Through the listing agreement, the defendant-seller employed the broker to effect a sale of the described business which included, inter alia, a No. 6 Liquor License. The defendant had nothing to sell in the way of an operating business, namely a bar, unless the sale included the liquor license. On the other hand, one purchasing a bar would certainly require a transfer of the liquor license as he could not lawfully operate without a license duly issued by the Superintendent of Liquor Licenses and Control. 2 A.R.S. § 4-244.
In the instant case, the defendant contracted to sell a business, including a liquor license, and the plaintiff procured a purchaser who agreed to the terms set forth in the listing agreement. The parties entered into a binding contract of sale, providing for excuse of performance if the necessary approval of the license transfer was not obtained. The record discloses that the buyer was qualified to hold the license and that the sole impediment to the license transfer was the refusal of the second chattel mortgagee to consent.
The defendant had not provided for this contingency nor made it a condition of the sale. The defendant had warranted that the title was merchantable, indicating that she could produce all necessary transfers and conveyances. If through her own fault or inability the defendant became unable to deliver that which she had contracted to sell, that would not excuse her performance of the contract of sale. See Hill v. Hamilton, 368 P.2d 957, 959 (Wyo. 1962).
If an employed broker procures a purchaser ready, willing and able to buy the property on the terms specified by the seller, the broker is entitled to compensation for his services, even though the sale should fall through because the seller who employed the broker is unable to convey good title to the property. Pasley v. Barber, 368 P.2d 549, 551 (Alaska 1962); Sligh v. Watson, 69 Ariz. 373, 214 P.2d 123, 128 (1950); Diamond v. Chiate, 81 Ariz. 86, 300 P.2d 583, 587 (1956).
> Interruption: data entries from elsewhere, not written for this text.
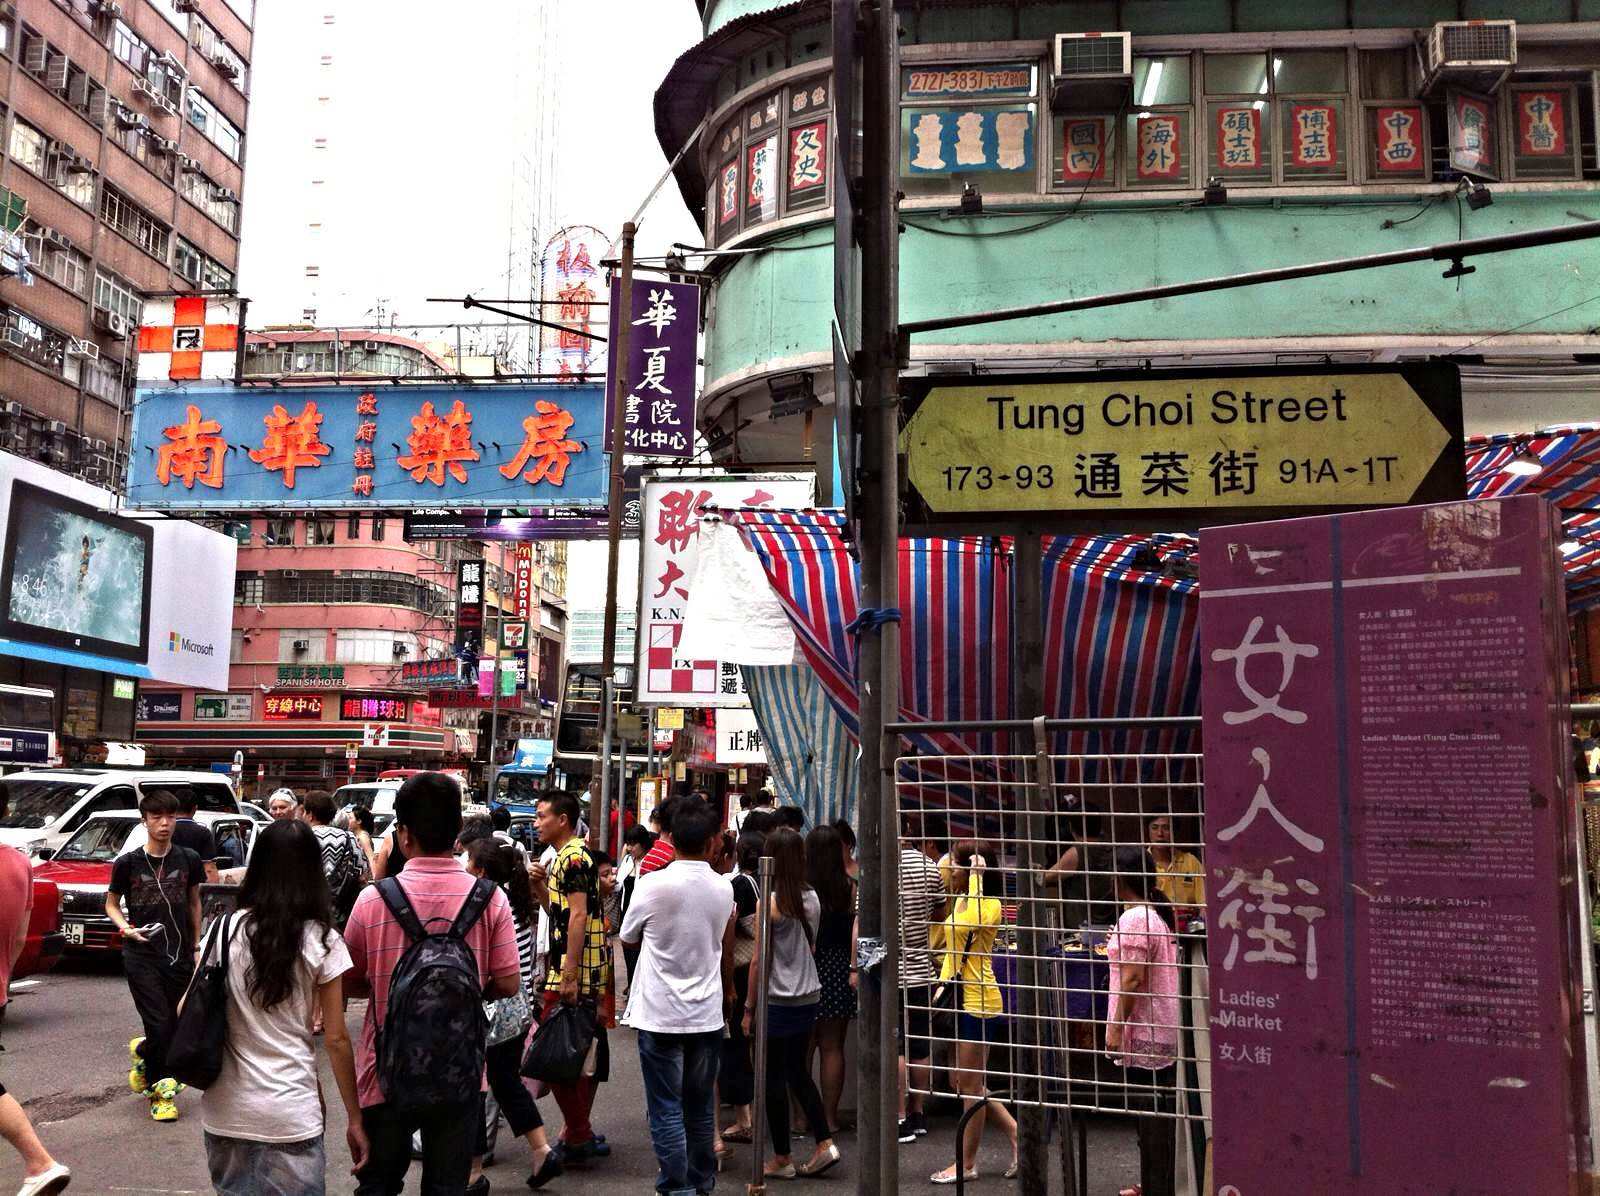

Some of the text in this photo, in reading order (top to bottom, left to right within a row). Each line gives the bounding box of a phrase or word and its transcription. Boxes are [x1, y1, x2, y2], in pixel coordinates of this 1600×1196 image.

[797, 131, 818, 178] 文史
[1145, 123, 1172, 169] 海外
[1225, 112, 1251, 163] 碩士班
[1300, 110, 1326, 159] 博士班
[1387, 112, 1413, 160] 中西
[631, 289, 677, 394] 華夏
[625, 394, 681, 425] 書院
[987, 389, 1347, 435] Tung Choi Street
[156, 400, 583, 489] 南華藥房
[352, 392, 378, 496] 政府註冊
[942, 450, 1398, 498] 173-93 通菜街 91A-1T
[654, 560, 689, 601] 大
[652, 608, 685, 620] K.N.
[181, 637, 214, 657] Microsoft
[265, 697, 323, 713] 穿線中心
[318, 678, 348, 687] HOTEL
[728, 729, 763, 753] 正牌
[1211, 616, 1325, 980] 女人街
[1219, 988, 1280, 1009] Ladies'
[1219, 1009, 1283, 1032] Market
[1219, 1042, 1272, 1065] 女人街
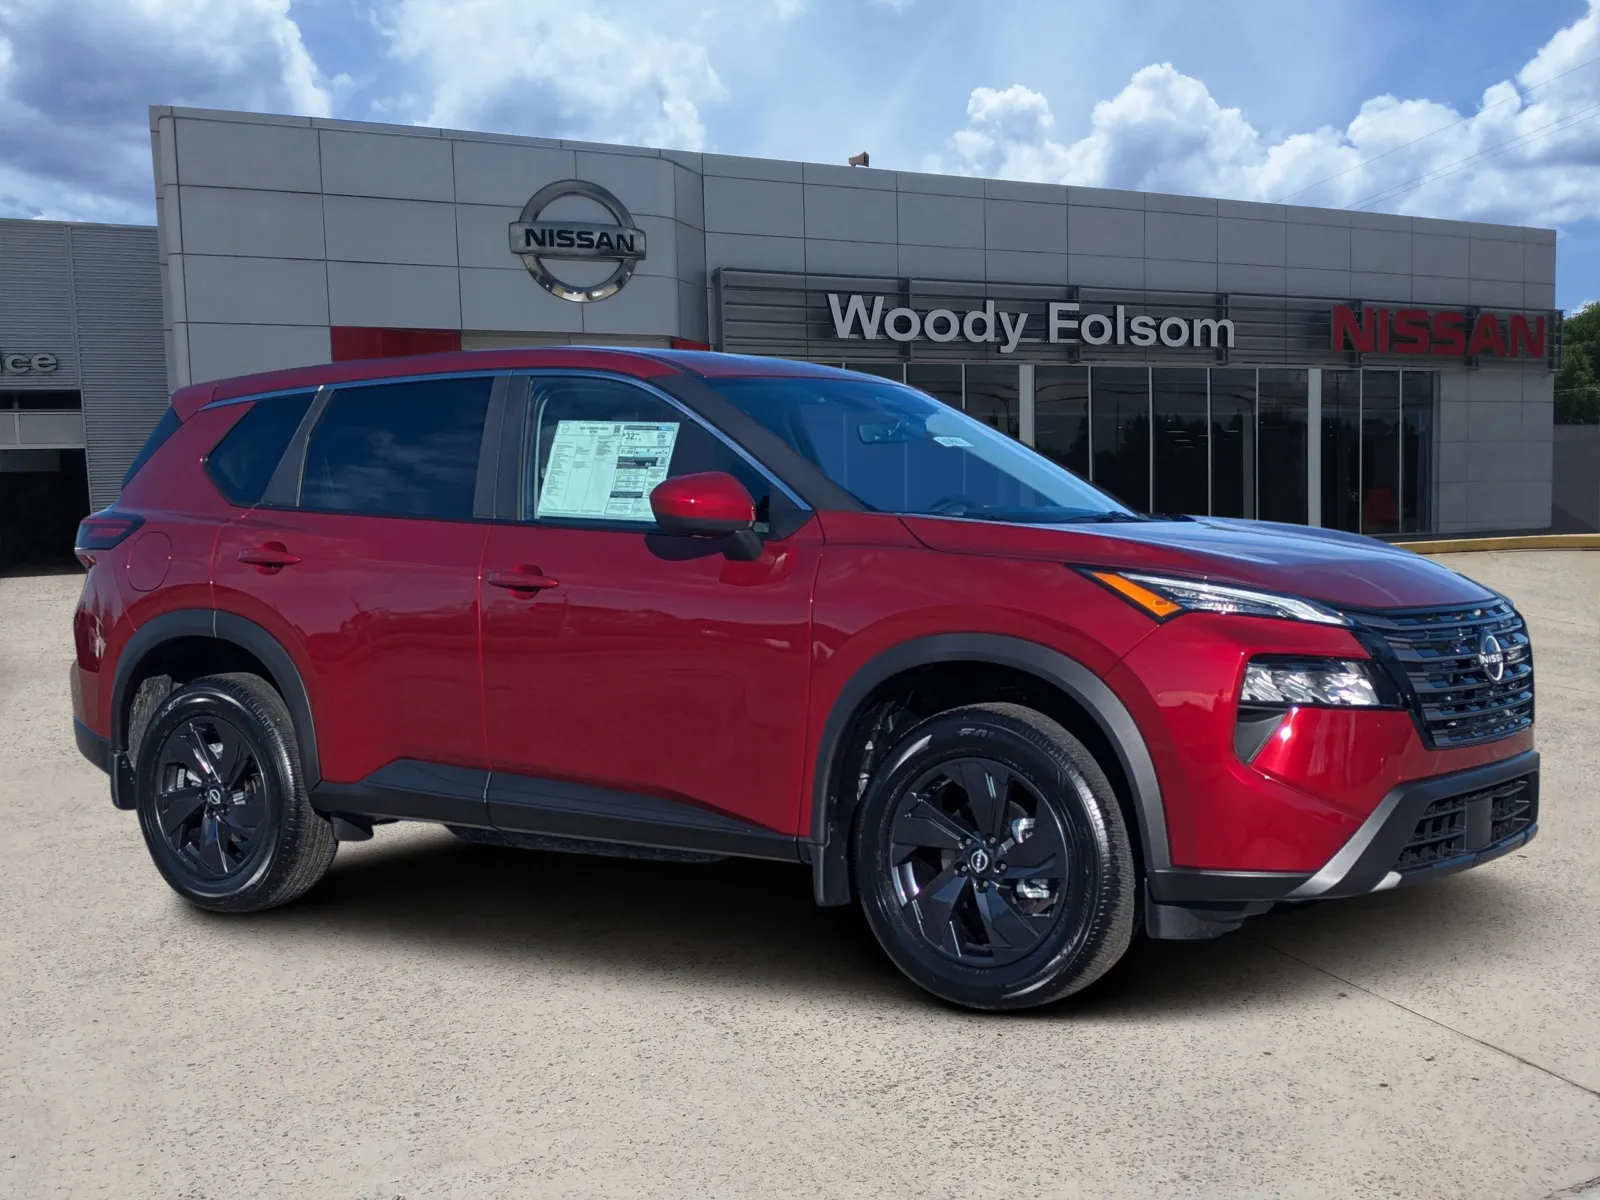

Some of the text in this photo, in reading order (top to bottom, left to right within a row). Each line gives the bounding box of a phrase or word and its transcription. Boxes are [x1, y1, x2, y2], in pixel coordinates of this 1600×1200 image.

[524, 228, 635, 252] NISSAN
[827, 293, 1236, 354] Woody Folsom
[1332, 305, 1545, 358] NISSAN
[0, 352, 58, 374] ce
[1481, 654, 1503, 663] NISS
It is the view of this court that the instant case falls within the oft repeated rule of law laid down by our Supreme Court in Lockett v. Drake, 43 Ariz. 357, 31 P.2d 499 (1934), at page 500:
"* * * It is the almost universally accepted rule of law that, in the absence of a specific contract to the contrary, when a real estate broker has brought together the parties to a sale or exchange of real estate, and they have agreed fully on the terms and entered into a binding contract for such sale or exchange, his duties are at an end and his commission is fully earned, and it is immaterial that the parties to the contract rescind mutually or that one or the other thereof defaults and the sale or exchange is not fully effected."
The defendant knew, or should have known that there existed a restriction on the transfer of the license in favor of the second chattel mortgagee. In order to deliver merchantable title, the duty to obtain his consent devolved upon her. Her inability or neglect to procure this consent did not relieve her from the obligation to pay to plaintiff the realty commission. This obligation she incurred when she listed the Rio Rita Bar for sale.
Judgment affirmed.
KRUCKER, C.J., and MOLLOY, J., concur.